Start of Recorded information
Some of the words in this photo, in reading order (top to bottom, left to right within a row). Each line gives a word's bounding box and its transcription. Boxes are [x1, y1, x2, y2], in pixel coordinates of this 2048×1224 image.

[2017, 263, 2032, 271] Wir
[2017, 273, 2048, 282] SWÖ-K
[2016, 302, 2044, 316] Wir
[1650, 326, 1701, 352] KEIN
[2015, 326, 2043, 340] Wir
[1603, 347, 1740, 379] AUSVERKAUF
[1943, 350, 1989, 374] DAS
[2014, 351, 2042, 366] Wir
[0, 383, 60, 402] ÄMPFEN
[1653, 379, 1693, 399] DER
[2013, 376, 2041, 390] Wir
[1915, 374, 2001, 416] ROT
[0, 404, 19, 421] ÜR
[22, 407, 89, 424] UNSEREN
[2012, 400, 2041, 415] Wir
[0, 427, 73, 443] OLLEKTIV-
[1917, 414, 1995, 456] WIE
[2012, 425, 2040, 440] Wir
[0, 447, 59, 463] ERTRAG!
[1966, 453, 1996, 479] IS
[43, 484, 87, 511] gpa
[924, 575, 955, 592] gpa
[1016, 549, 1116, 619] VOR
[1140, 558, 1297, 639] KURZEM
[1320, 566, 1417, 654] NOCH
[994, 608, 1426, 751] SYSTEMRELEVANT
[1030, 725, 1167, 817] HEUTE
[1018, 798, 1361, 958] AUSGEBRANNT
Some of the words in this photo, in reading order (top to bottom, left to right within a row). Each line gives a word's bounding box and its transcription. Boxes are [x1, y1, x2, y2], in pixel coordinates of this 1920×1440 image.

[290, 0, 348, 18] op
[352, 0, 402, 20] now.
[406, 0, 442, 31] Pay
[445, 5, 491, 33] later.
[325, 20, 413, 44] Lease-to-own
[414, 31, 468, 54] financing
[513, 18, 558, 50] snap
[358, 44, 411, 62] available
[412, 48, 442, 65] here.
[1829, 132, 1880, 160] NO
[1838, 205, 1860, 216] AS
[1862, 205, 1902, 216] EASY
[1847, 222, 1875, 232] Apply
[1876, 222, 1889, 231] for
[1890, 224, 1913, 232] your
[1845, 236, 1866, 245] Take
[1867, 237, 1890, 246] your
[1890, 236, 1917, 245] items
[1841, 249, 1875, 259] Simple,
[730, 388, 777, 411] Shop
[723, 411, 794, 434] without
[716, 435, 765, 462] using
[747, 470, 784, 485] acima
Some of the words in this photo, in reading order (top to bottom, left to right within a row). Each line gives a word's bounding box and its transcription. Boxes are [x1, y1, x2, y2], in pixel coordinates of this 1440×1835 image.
End of Recorded information
The response must restate every entry word for word.

Some of the words in this photo, in reading order (top to bottom, left to right within a row). Each line gives a word's bounding box and its transcription. Boxes are [x1, y1, x2, y2], in pixel coordinates of this 2048×1224 image.

[2017, 263, 2032, 271] Wir
[2017, 273, 2048, 282] SWÖ-K
[2016, 302, 2044, 316] Wir
[1650, 326, 1701, 352] KEIN
[2015, 326, 2043, 340] Wir
[1603, 347, 1740, 379] AUSVERKAUF
[1943, 350, 1989, 374] DAS
[2014, 351, 2042, 366] Wir
[0, 383, 60, 402] ÄMPFEN
[1653, 379, 1693, 399] DER
[2013, 376, 2041, 390] Wir
[1915, 374, 2001, 416] ROT
[0, 404, 19, 421] ÜR
[22, 407, 89, 424] UNSEREN
[2012, 400, 2041, 415] Wir
[0, 427, 73, 443] OLLEKTIV-
[1917, 414, 1995, 456] WIE
[2012, 425, 2040, 440] Wir
[0, 447, 59, 463] ERTRAG!
[1966, 453, 1996, 479] IS
[43, 484, 87, 511] gpa
[924, 575, 955, 592] gpa
[1016, 549, 1116, 619] VOR
[1140, 558, 1297, 639] KURZEM
[1320, 566, 1417, 654] NOCH
[994, 608, 1426, 751] SYSTEMRELEVANT
[1030, 725, 1167, 817] HEUTE
[1018, 798, 1361, 958] AUSGEBRANNT
Some of the words in this photo, in reading order (top to bottom, left to right within a row). Each line gives a word's bounding box and its transcription. Boxes are [x1, y1, x2, y2], in pixel coordinates of this 1920×1440 image.

[290, 0, 348, 18] op
[352, 0, 402, 20] now.
[406, 0, 442, 31] Pay
[445, 5, 491, 33] later.
[325, 20, 413, 44] Lease-to-own
[414, 31, 468, 54] financing
[513, 18, 558, 50] snap
[358, 44, 411, 62] available
[412, 48, 442, 65] here.
[1829, 132, 1880, 160] NO
[1838, 205, 1860, 216] AS
[1862, 205, 1902, 216] EASY
[1847, 222, 1875, 232] Apply
[1876, 222, 1889, 231] for
[1890, 224, 1913, 232] your
[1845, 236, 1866, 245] Take
[1867, 237, 1890, 246] your
[1890, 236, 1917, 245] items
[1841, 249, 1875, 259] Simple,
[730, 388, 777, 411] Shop
[723, 411, 794, 434] without
[716, 435, 765, 462] using
[747, 470, 784, 485] acima
Some of the words in this photo, in reading order (top to bottom, left to right within a row). Each line gives a word's bounding box and its transcription. Boxes are [x1, y1, x2, y2], in pixel coordinates of this 1440×1835 image.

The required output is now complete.